Fig. 3: Análisis de la sensibilidad de la polisonda mediante un ensayo tipo dot-blot. Se realizaron tres diluciones de extractos de RNA total infectados con cada uno de los virus y se prepararon siete membranas de las cuales seis fueron hibridadas con las sondas individuales y una con la polisonda. Tal y como aparece en la figura, la sensibilidad es la misma tanto en la detección individualizada como en la detección múltiple.
Fig. 4: Análisis tipo dot-blot realizado con muestras de campo en el que ha sido utilizada la polisonda para la evaluación de su estado sanitario.
Ejemplo de realización de la invención Ejemplo 1 Detección de los seis principales virus que afectan a frutales de hueso en cultivos comerciales
Se clonaron en tandem en un mismo vector plasmídico fragmentos del genoma de seis virus diferentes que afectan a los frutales de hueso; el virus de los anillos necróticos de los Prunus (PNRSV), el virus del mosaico del manzano (ApMV), el virus del enanismo del ciruelo (PDV) el virus de los arabescos del ciruelo americano (APLPV), el virus de las manchas cloróticas del manzano (ACLSV) y el virus de la sharka (PPV).
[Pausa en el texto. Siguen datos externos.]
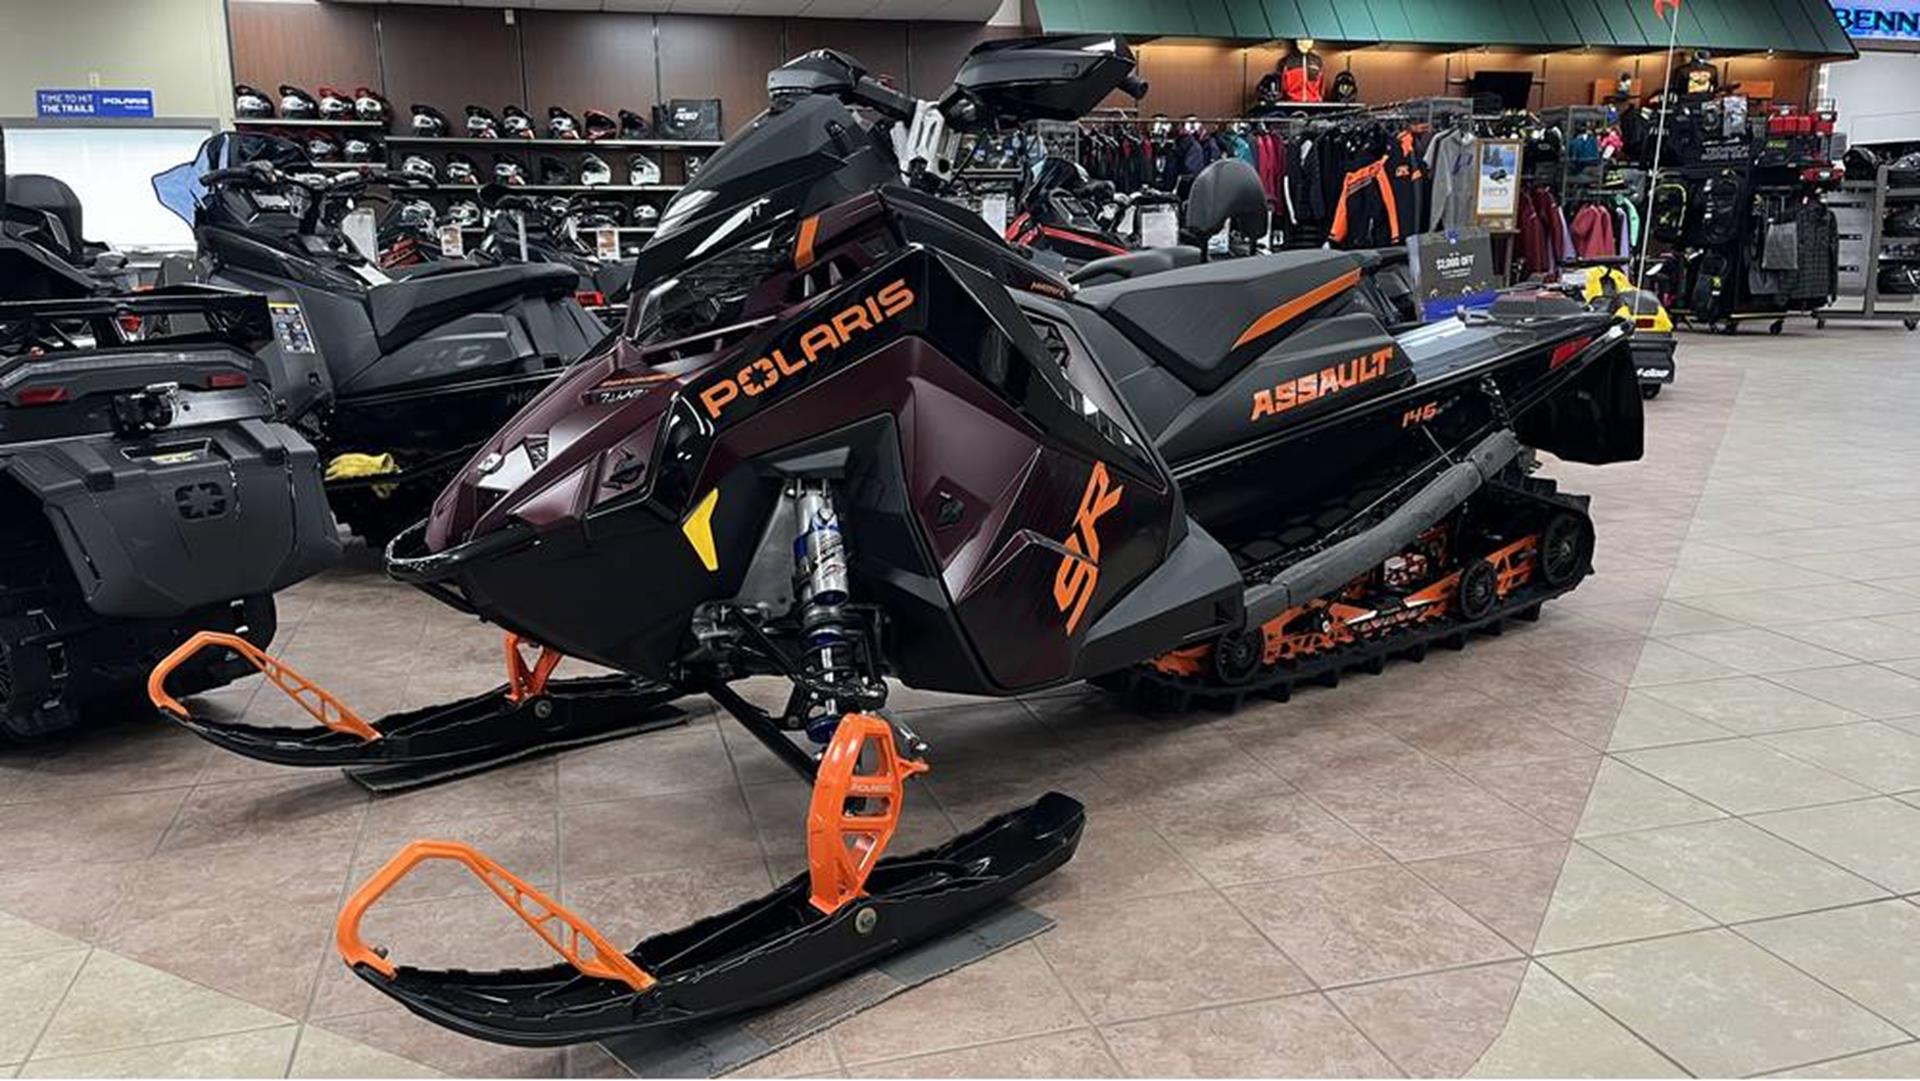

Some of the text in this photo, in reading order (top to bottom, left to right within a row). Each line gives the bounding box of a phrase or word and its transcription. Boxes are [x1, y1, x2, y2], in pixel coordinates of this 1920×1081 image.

[41, 94, 93, 104] TIME TO HIT
[103, 97, 149, 105] POLARIS
[42, 104, 95, 113] THE TRAILS
[700, 278, 915, 419] POLARIS
[1251, 347, 1393, 422] ASSAULT
Esta estrategia novedosa requiere una única reacción de transcripción que posibilita la síntesis a partir de dicho clon de lo que hemos denominado "polisonda" que permite la detección simultánea de todos los virus cuya secuencia está en ella representada.
Obtención de la polisonda
Para la obtención de la polisonda se amplificaron mediante PCR fragmentos genómicos de alrededor de 200 pares de bases correspondientes a la región amino-terminal de la proteína de cubierta de los seis virus principales que afectan a frutales de hueso: cuatro correspondientes al género de los Ilarvirus; el virus de los anillos necróticos de los Prunus (PNRSV), el virus del mosaico del manzano (ApMV), el virus del enanismo del ciruelo (PDV) y el virus del los arabescos del ciruelo americano (APLPV); uno del género de los Trichovirus; el virus de las manchas cloróticas del manzano (ACLSV) y el virus de la sharka (PPV) perteneciente al género de los Potyvirus.
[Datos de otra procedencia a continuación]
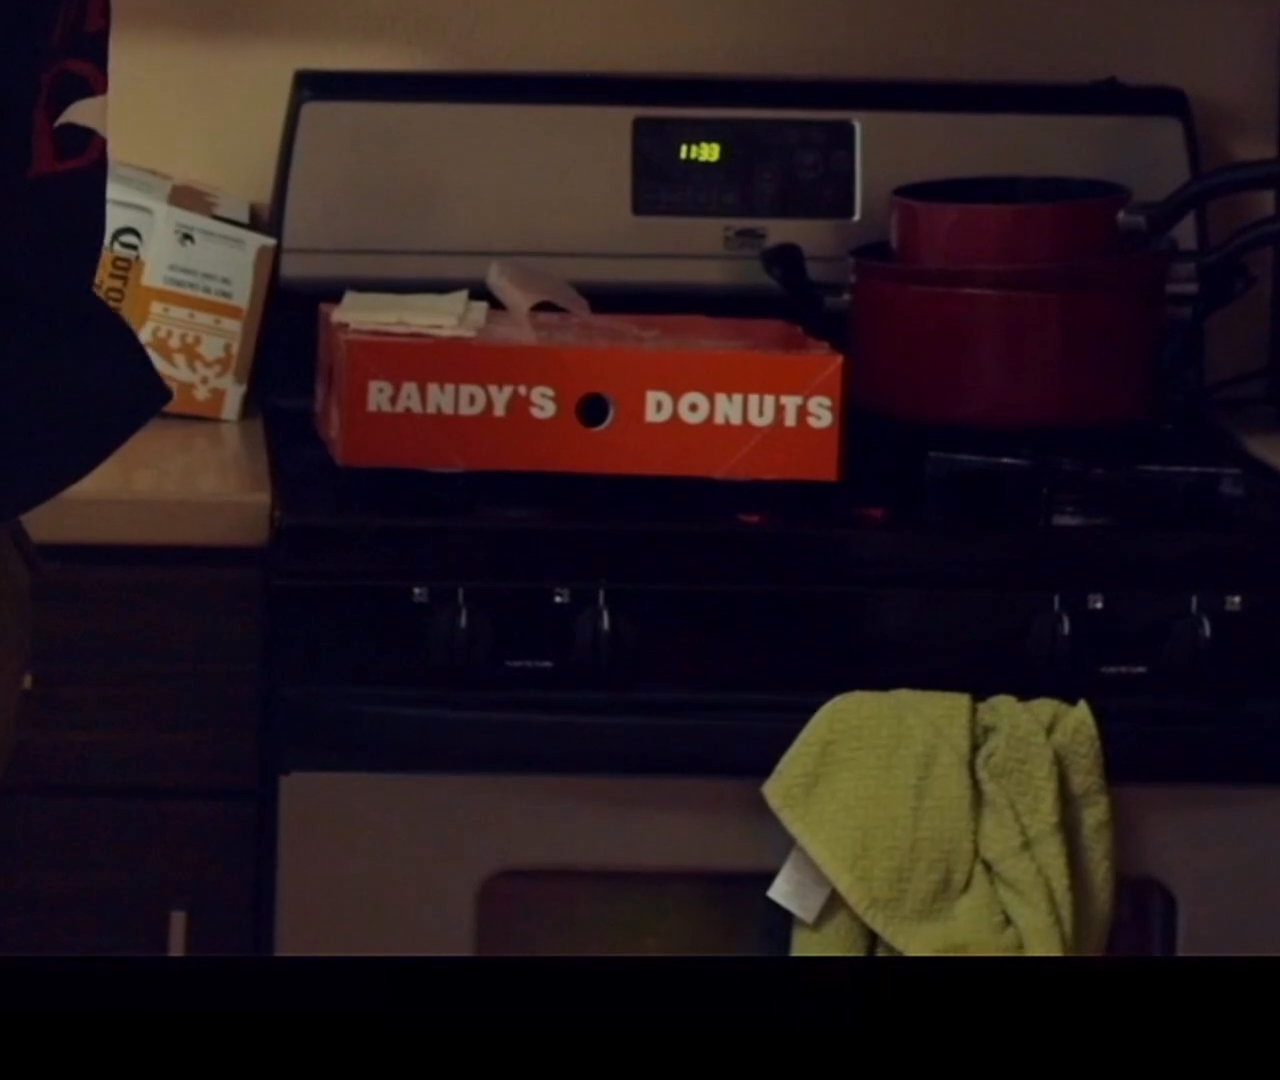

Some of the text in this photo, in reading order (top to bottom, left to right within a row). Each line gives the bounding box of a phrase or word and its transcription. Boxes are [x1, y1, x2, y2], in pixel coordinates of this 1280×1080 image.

[679, 141, 722, 163] 11:33
[106, 227, 143, 312] Coro
[366, 379, 835, 430] RANDY'S DONUTS
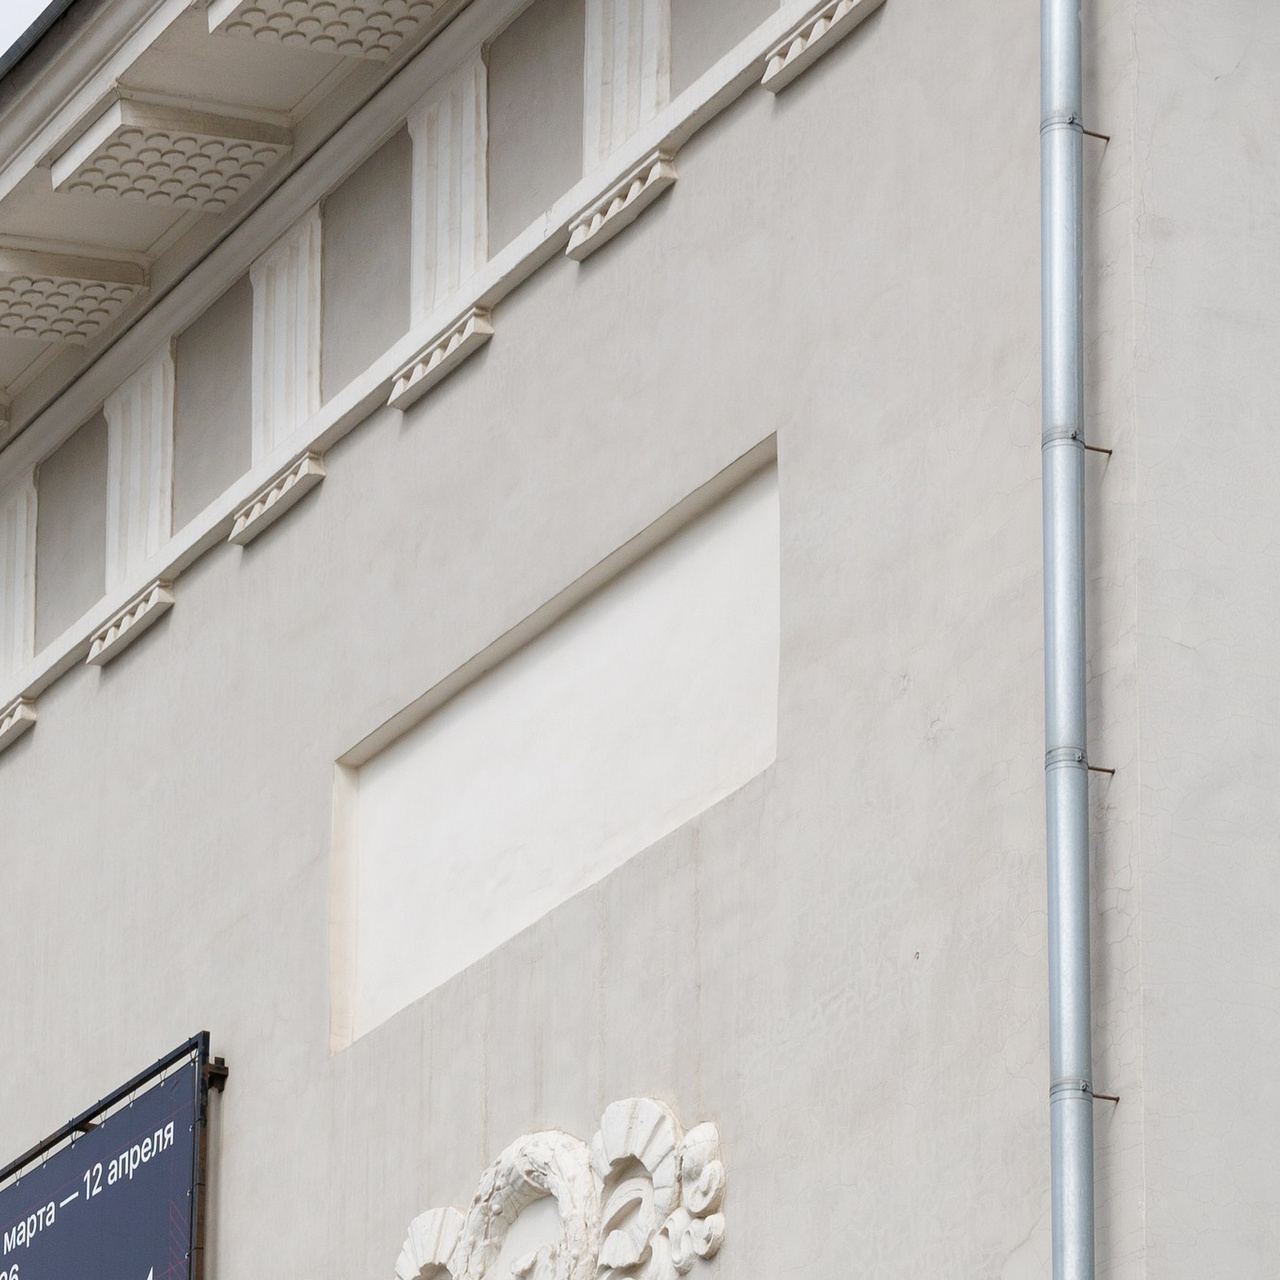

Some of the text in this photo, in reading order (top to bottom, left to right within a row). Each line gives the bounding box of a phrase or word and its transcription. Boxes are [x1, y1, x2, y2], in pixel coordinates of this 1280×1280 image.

[3, 1201, 56, 1255] марта
[83, 1162, 103, 1201] 12
[107, 1121, 175, 1186] апреля
Para la realización de cada PCR se diseñaron cebadores específicos de los virus a analizar, con los sitios de restricción correspondientes que aparecen detallados en la Fig. 1, SEQ ID 7 a 18. Tras realizar las subclonaciones necesarias se obtuvo un clon con los seis fragmentos genómicos en tandem (Fig. 2). El primero correspondería a 178 pares de bases (pb) del PNRSV (SEQ ID 1), el segundo a 174 pb del ApMV (SEQ ID 2), el tercero a 221 pb del PDV (SEQ ID 3), el cuarto a 490 pb del ACLSV (SEQ ID 4), el quinto a 175 pb del PPV (SEQ ID 5) y el último a 137 pb del APLPV (SEQ ID 6).
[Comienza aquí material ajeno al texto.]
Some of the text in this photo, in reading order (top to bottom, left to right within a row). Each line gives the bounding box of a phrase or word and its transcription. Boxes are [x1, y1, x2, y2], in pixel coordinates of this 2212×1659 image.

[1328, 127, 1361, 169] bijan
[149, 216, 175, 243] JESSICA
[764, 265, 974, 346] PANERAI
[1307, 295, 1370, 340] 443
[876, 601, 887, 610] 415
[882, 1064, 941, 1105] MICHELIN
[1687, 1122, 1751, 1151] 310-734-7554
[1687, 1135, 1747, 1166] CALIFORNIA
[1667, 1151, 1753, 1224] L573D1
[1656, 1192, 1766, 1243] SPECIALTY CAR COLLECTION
Para la síntesis de la polisonda, dicho clon fue linearizado con el enzima de restricción XhoI y transcrito con la T7 RNA polimerasa utilizándose uridina marcada con digoxigenina. La transcripción se llevó a cabo según la descripción previa de Más, P., Sánchez-Navarro, J.A., Sánchez-Pina, M.A., and Pallás, V. (1993). Chemiluminescent and colorigenic detection of Cherry leaf roll virus with digoxigenin-labeled RNA probes. J. Virol. Methods 45, 93-102. y Pallás, V., Más, P. and Sánchez-Navarro, J.A., (1998a). Detection of plant RNA viruses by non-isotopic dot-blot hybridization. In: Plant virus protocols: from virus isolation to transgenic resistance. Methods in Molecular Virology. Humana Press, Totowa. 81, 461-468. Alternativamente, se pueden sintetizar sondas DNA mediante una reacción de PCR utilizando los oligos universal y reverso y uridina marcada con digoxigenina, tal y como indica el protocolo del fabricante del marcador.
Extracción de RNAs
El proceso de extracción de RNAs de la planta así como la detección de la infección viral mediante el uso de la polisonda es común en todos los ejemplos.
Para la extracción de los RNAs de la planta existen muchos métodos que utilizan disolventes orgánicos tóxicos como por ejemplo el fenol, lo que resulta un inconveniente para los laboratorios de diagnosis en los que se procesan un gran número de muestras. En nuestro laboratorio utilizamos para la preparación de los extractos a analizar un método que fue descrito en principio para la extracción de DNA genómico (Dellaporta, S., Woods, H. and Hicks, J. (1983). A plant DNA mini-preparation: version II. Plant Mol. Biol. Rep. 1, 19-21), más tarde fue puesto a punto para la obtención de extractos ricos en RNAs viroidales (Pallas, V., Navarro, A. y Flores, R. (1987). Isolation of viroid-like RNA from hop different from hop stunt viroid. J. Gen. Virol. 68, 3201-3205.), purificación de RNAs de doble cadena (De Paulo, J. and Powell, C. (1995) Extraction of double stranded RNA from plant tissues without the use of organic solvents. Plant. Dis. 79, 246-248.) y finalmente para la detección de viroides (Astruc, N., Marcos, J.F., Macquaire, G., Candresse, T., Pallás, V. (1996). Studies on the diagnosis of Hop stunt viroid in fruit trees: Identification of new hosts and application of a nucleic acid extraction procedure based on non-organic solvents. Eur. J. Plant Pathol. 102, 837-846.; Cañizares, M.C., Marcos, J.F. and Pallás, V. (1998). Studies on the incidence of Hop stund viroid in apricot trees (Prunus armeniaca) by using an easy and short extraction method to analyze a large number of samples. Acta Hortic. 472, 581-585).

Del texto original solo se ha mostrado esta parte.